EXCERPTED RECORDS:
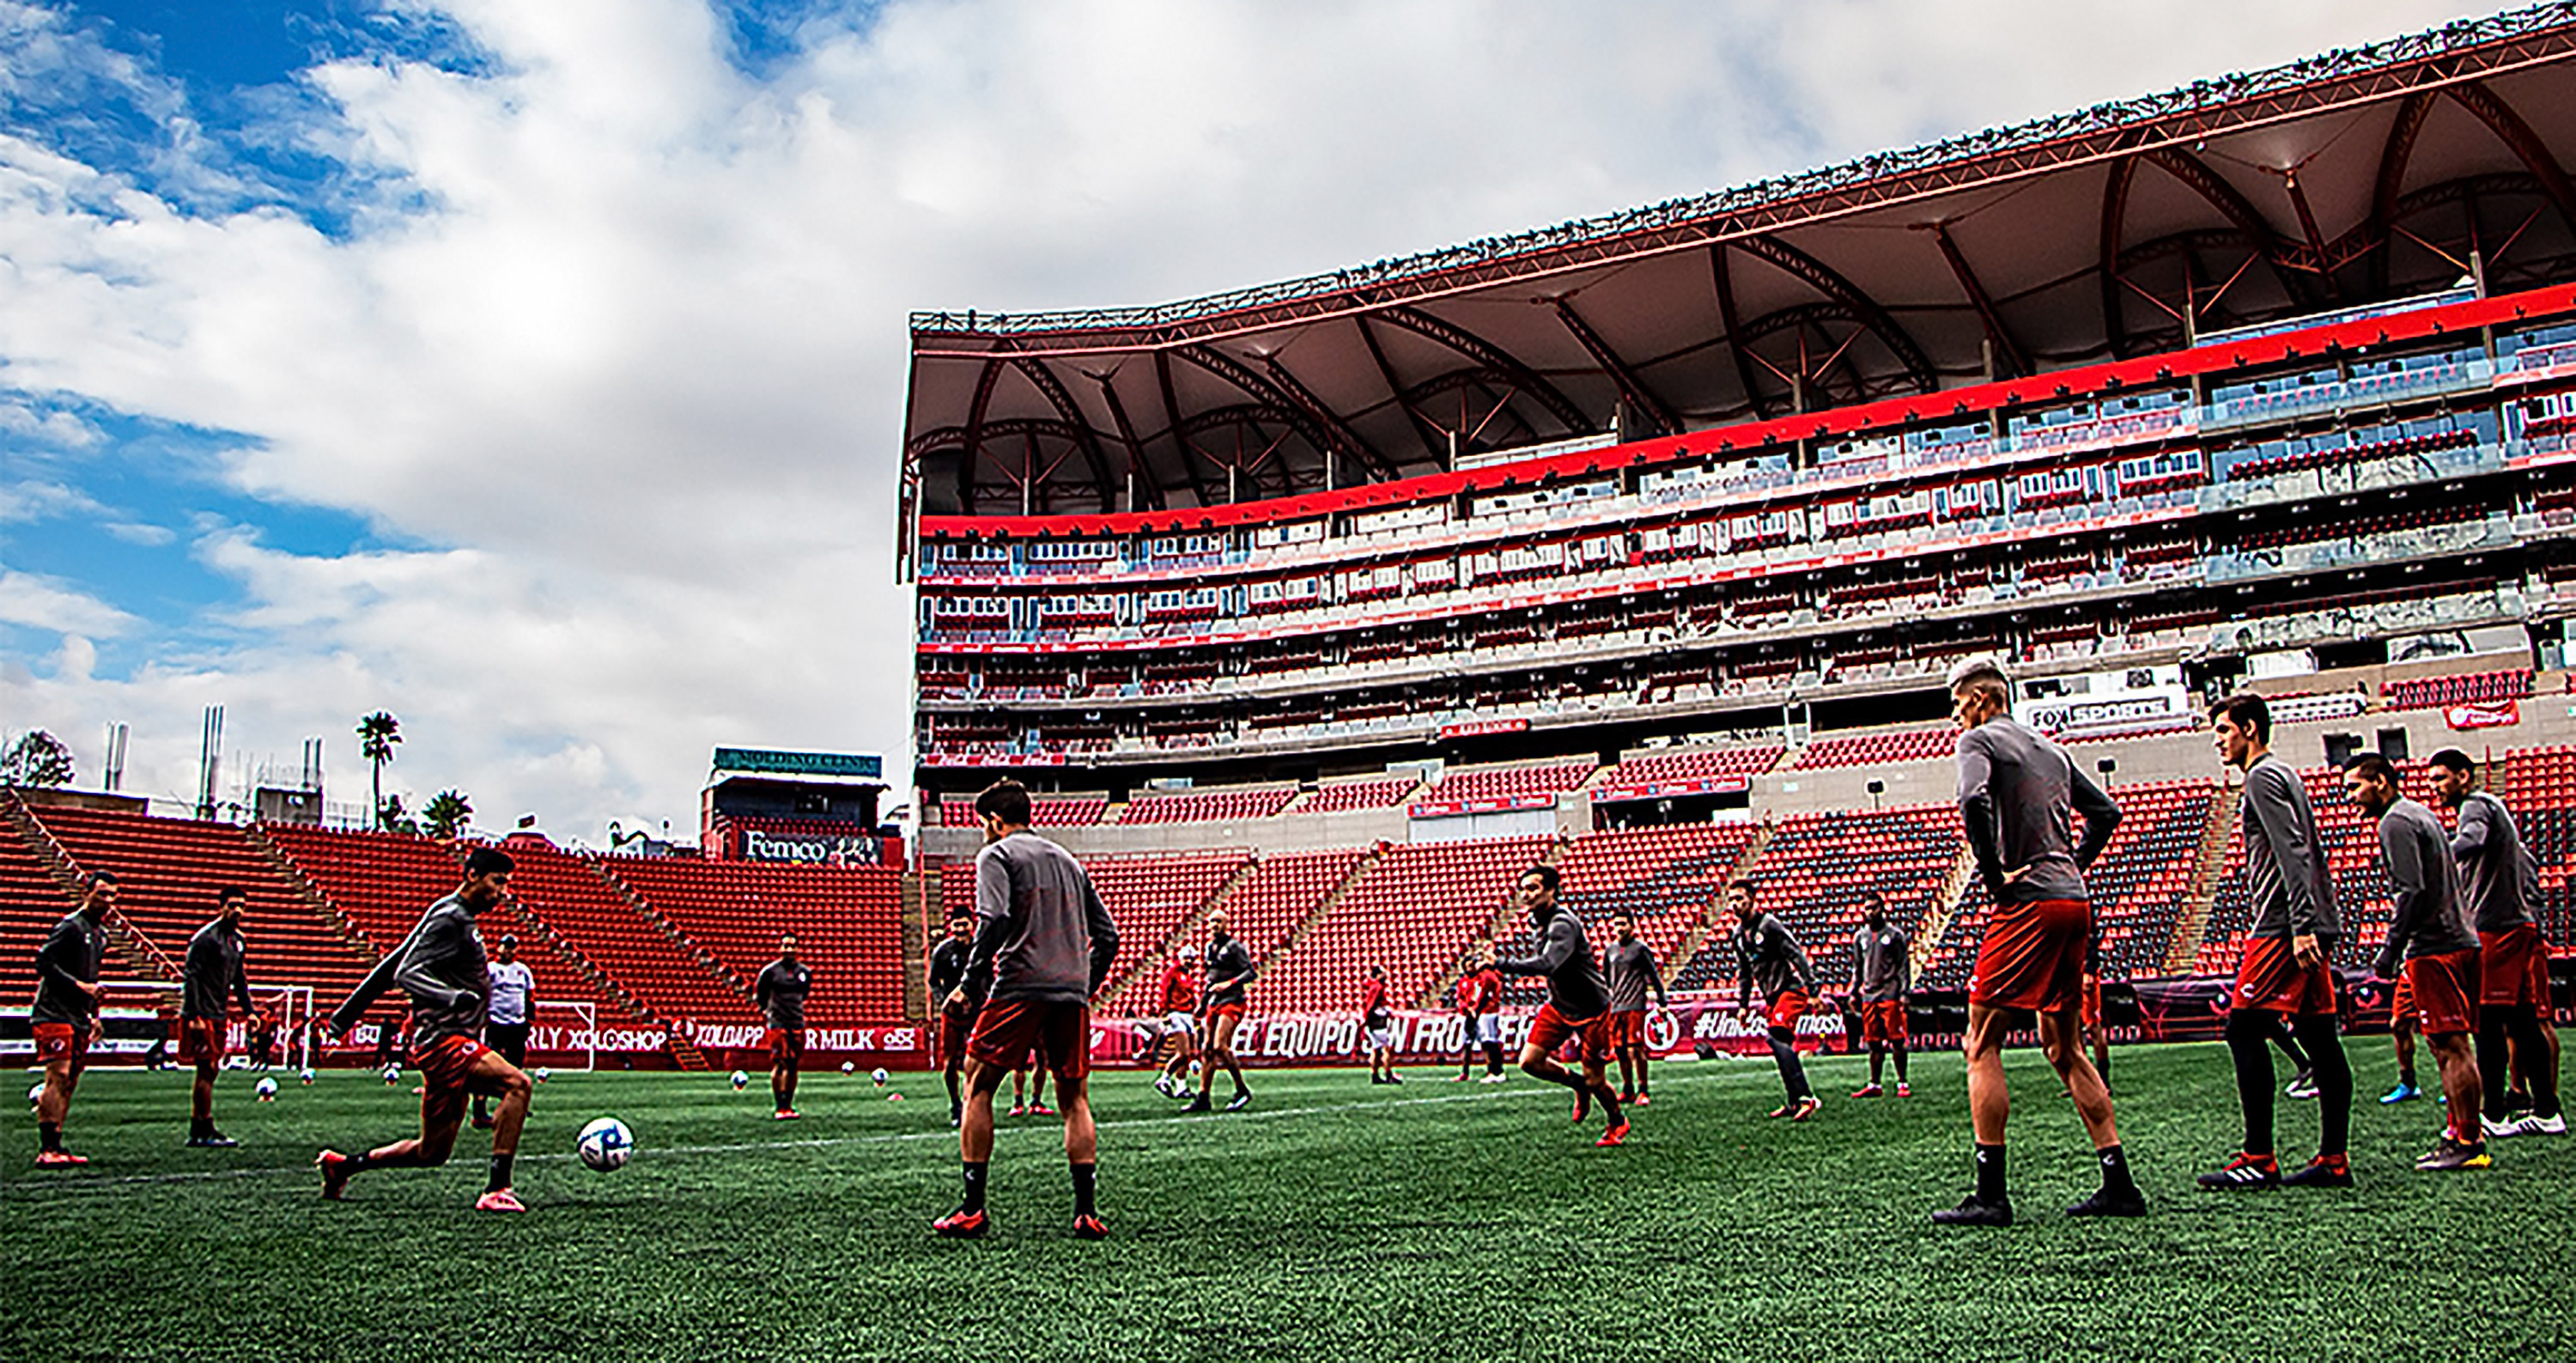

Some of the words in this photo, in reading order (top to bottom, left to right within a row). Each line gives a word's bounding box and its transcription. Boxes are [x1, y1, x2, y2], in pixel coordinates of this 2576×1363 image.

[2032, 707, 2069, 728] FOX
[2071, 698, 2166, 725] SPORTS
[744, 831, 825, 861] Femco
[567, 1029, 667, 1051] XOLOSHOP
[693, 1025, 765, 1048] XOLOAPP
[1230, 1019, 1257, 1056] EL
[1262, 1019, 1358, 1058] EQUIPO
[1361, 1017, 1409, 1053] SN
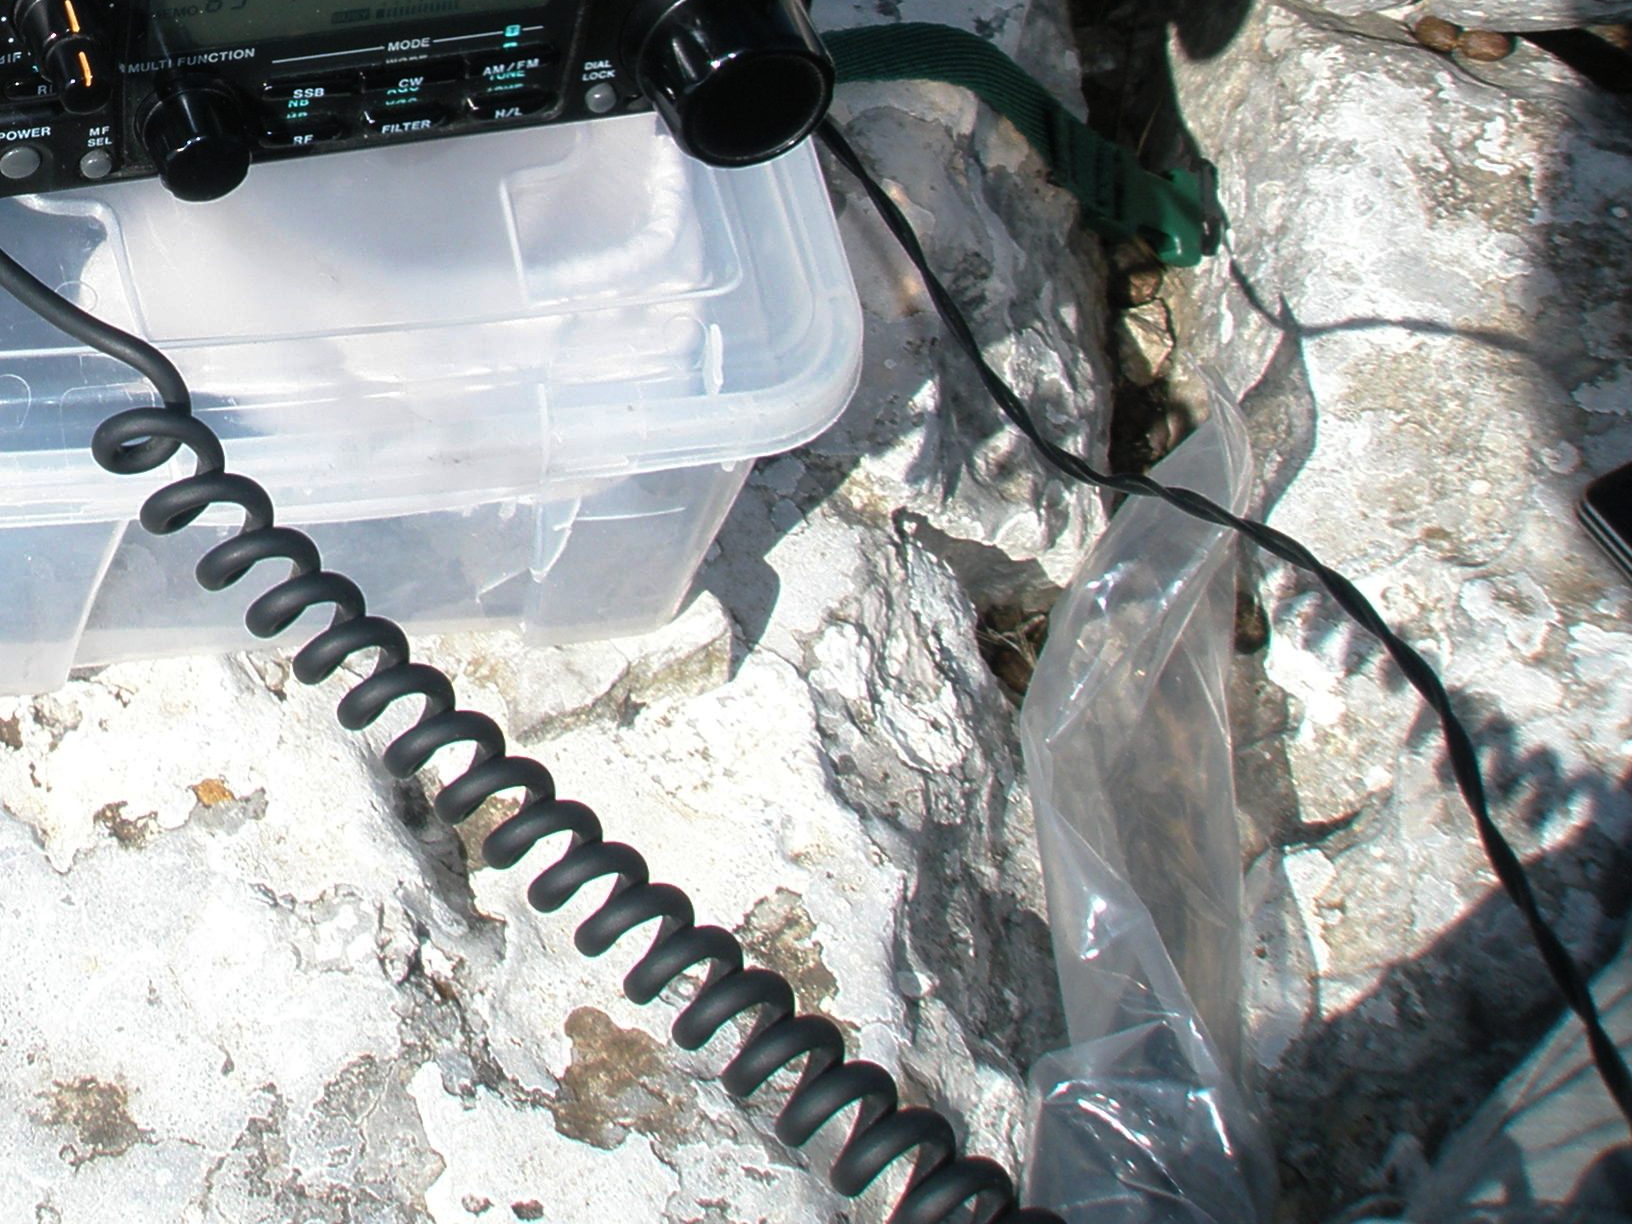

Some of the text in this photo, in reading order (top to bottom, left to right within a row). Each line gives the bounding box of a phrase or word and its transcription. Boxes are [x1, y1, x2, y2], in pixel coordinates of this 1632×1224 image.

[387, 36, 431, 52] MODE
[127, 47, 256, 75] MULTI FUNCTION
[482, 57, 540, 76] AM/FM
[583, 60, 612, 71] DIAL
[397, 75, 425, 88] CW
[581, 70, 616, 82] LOCK
[292, 87, 326, 99] SSB
[89, 126, 110, 136] MF
[381, 118, 432, 134] FILTER
[87, 135, 113, 146] SEL
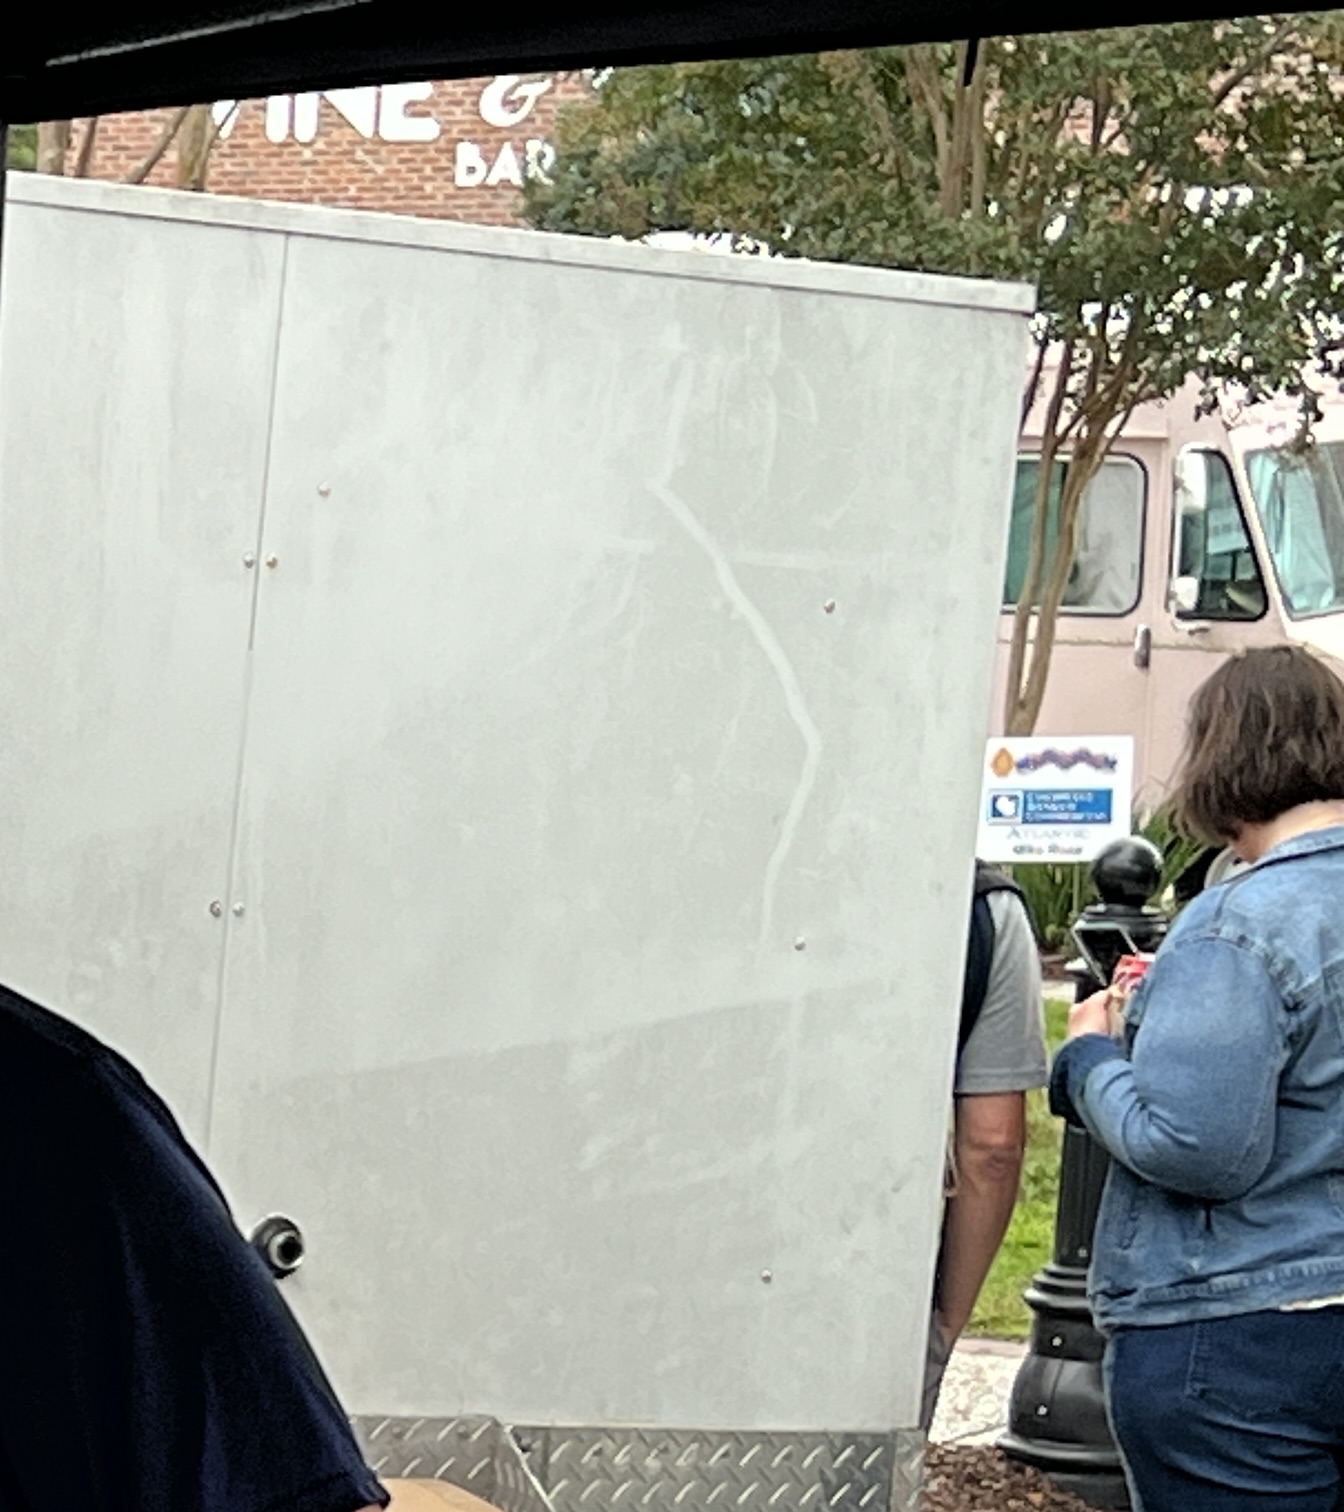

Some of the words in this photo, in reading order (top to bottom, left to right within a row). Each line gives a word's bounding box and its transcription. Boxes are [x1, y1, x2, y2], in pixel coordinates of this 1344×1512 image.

EXERCISE DETAILS: Reproduce each record from above exactly; pictures do not belong in the copy.

SOLUTION BELOW:
Some of the words in this photo, in reading order (top to bottom, left to right within a row). Each line gives a word's bounding box and its transcription. Boxes are [x1, y1, x2, y2], in pixel coordinates of this 2576×1363 image.

[2032, 707, 2069, 728] FOX
[2071, 698, 2166, 725] SPORTS
[744, 831, 825, 861] Femco
[567, 1029, 667, 1051] XOLOSHOP
[693, 1025, 765, 1048] XOLOAPP
[1230, 1019, 1257, 1056] EL
[1262, 1019, 1358, 1058] EQUIPO
[1361, 1017, 1409, 1053] SN

Some of the text in this photo, in reading order (top to bottom, left to right within a row). Each line gives the bounding box of a phrase or word and its transcription. Boxes are [x1, y1, x2, y2], in pixel coordinates of this 1632×1224 image.

[387, 36, 431, 52] MODE
[127, 47, 256, 75] MULTI FUNCTION
[482, 57, 540, 76] AM/FM
[583, 60, 612, 71] DIAL
[397, 75, 425, 88] CW
[581, 70, 616, 82] LOCK
[292, 87, 326, 99] SSB
[89, 126, 110, 136] MF
[381, 118, 432, 134] FILTER
[87, 135, 113, 146] SEL

Some of the words in this photo, in reading order (top to bottom, left to right within a row). Each line gives a word's bounding box and its transcription. Boxes are [x1, y1, x2, y2], in pixel coordinates of this 1344×1512 image.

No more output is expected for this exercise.